→ **Dataset entries**
·····
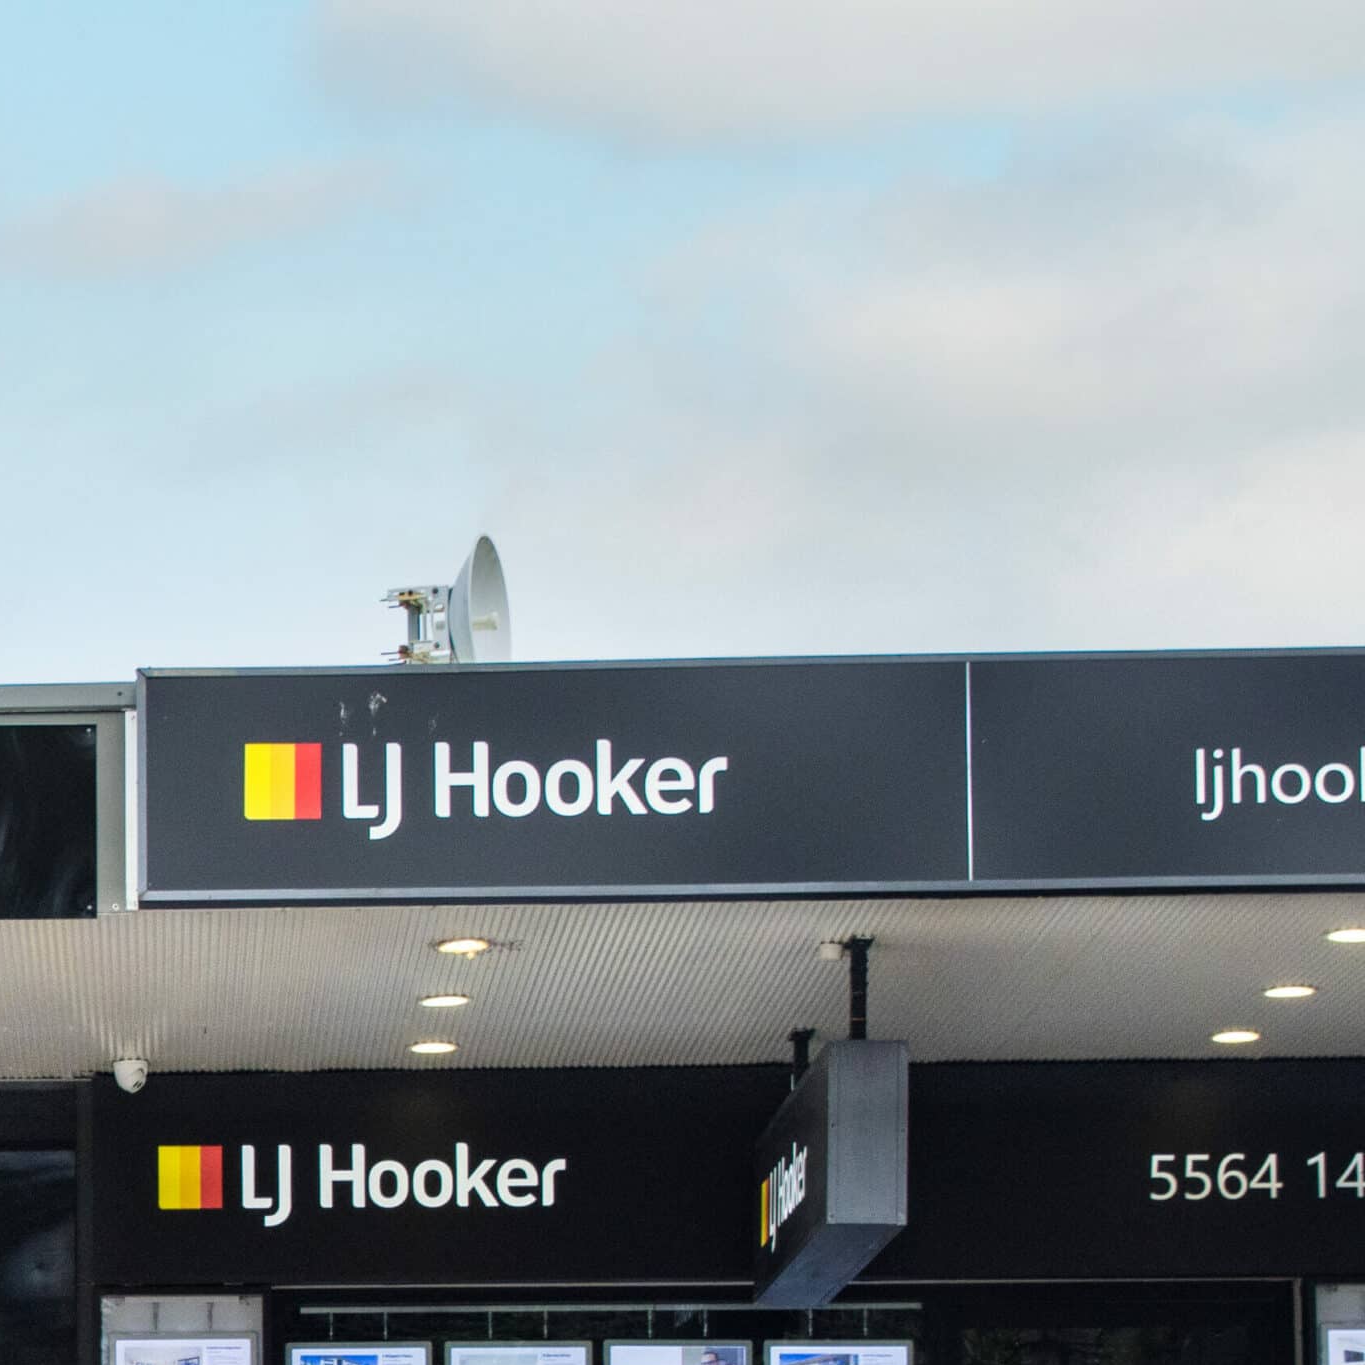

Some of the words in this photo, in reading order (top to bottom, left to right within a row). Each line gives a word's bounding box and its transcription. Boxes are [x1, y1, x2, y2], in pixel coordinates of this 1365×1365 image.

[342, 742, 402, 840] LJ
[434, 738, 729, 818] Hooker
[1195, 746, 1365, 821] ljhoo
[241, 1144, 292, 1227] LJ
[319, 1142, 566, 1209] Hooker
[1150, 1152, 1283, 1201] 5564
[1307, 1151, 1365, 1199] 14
·····
→ **Exercise prompt**
Without the pictures, retype all of the data above exactly.

→ **Written answer**
Some of the words in this photo, in reading order (top to bottom, left to right within a row). Each line gives a word's bounding box and its transcription. Boxes are [x1, y1, x2, y2], in pixel coordinates of this 1365×1365 image.

[342, 742, 402, 840] LJ
[434, 738, 729, 818] Hooker
[1195, 746, 1365, 821] ljhoo
[241, 1144, 292, 1227] LJ
[319, 1142, 566, 1209] Hooker
[1150, 1152, 1283, 1201] 5564
[1307, 1151, 1365, 1199] 14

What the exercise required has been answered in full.